WHAT THE EXERCISE ASKS
A word-for-word copy of the entries is the goal; leave out the pictures.

PROVIDED RECORDS
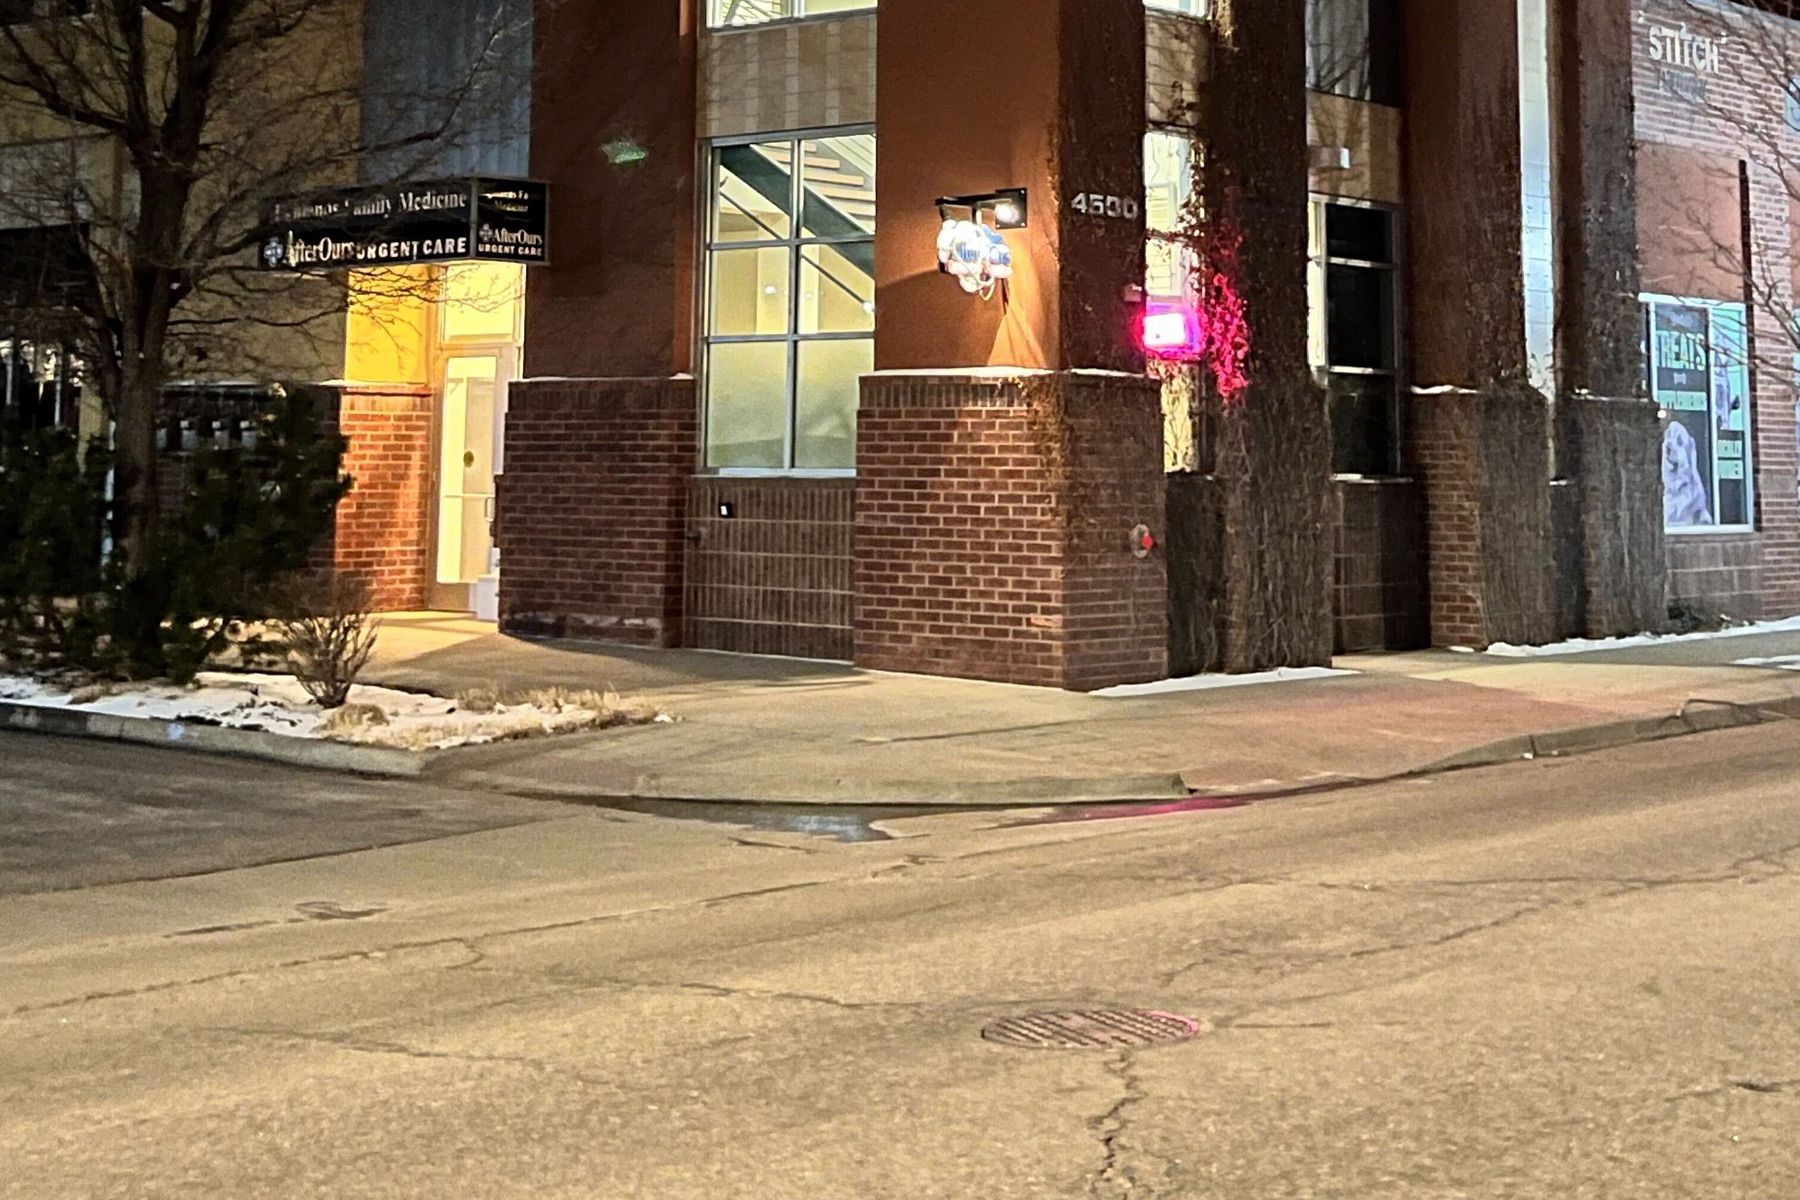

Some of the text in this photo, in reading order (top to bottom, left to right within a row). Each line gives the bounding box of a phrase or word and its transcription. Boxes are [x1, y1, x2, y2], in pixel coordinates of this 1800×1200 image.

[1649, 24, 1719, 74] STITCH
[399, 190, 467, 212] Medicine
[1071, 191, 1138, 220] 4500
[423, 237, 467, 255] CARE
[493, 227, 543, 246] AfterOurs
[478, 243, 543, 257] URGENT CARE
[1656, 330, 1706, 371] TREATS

RESPONSE
Some of the text in this photo, in reading order (top to bottom, left to right within a row). Each line gives the bounding box of a phrase or word and its transcription. Boxes are [x1, y1, x2, y2], in pixel coordinates of this 1800×1200 image.

[1649, 24, 1719, 74] STITCH
[399, 190, 467, 212] Medicine
[1071, 191, 1138, 220] 4500
[423, 237, 467, 255] CARE
[493, 227, 543, 246] AfterOurs
[478, 243, 543, 257] URGENT CARE
[1656, 330, 1706, 371] TREATS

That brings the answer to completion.